=== ASSIGNED TASK ===
Each record below should be returned exactly, with its pictures left out.

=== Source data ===
=== Begin Enclosure ===

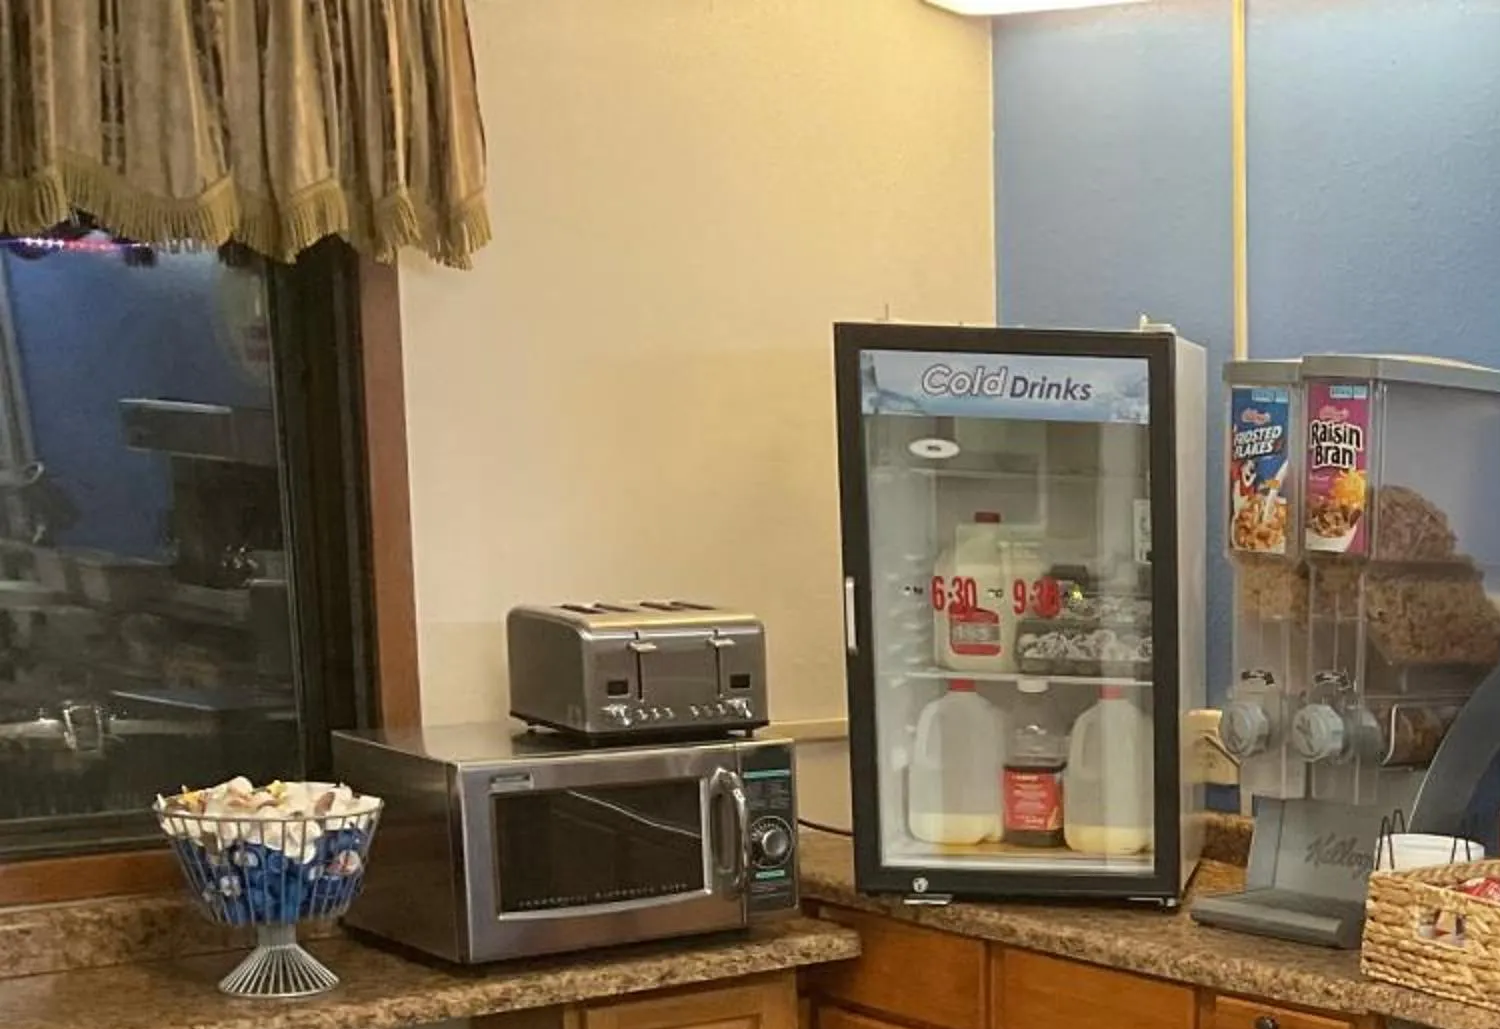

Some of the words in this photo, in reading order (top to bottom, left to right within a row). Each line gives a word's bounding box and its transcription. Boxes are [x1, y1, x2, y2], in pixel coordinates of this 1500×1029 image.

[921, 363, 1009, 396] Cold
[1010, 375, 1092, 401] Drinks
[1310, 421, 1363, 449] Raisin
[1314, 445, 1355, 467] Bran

=== End Enclosure ===

=== SOLUTION ===
Some of the words in this photo, in reading order (top to bottom, left to right within a row). Each line gives a word's bounding box and its transcription. Boxes are [x1, y1, x2, y2], in pixel coordinates of this 1500×1029 image.

[921, 363, 1009, 396] Cold
[1010, 375, 1092, 401] Drinks
[1310, 421, 1363, 449] Raisin
[1314, 445, 1355, 467] Bran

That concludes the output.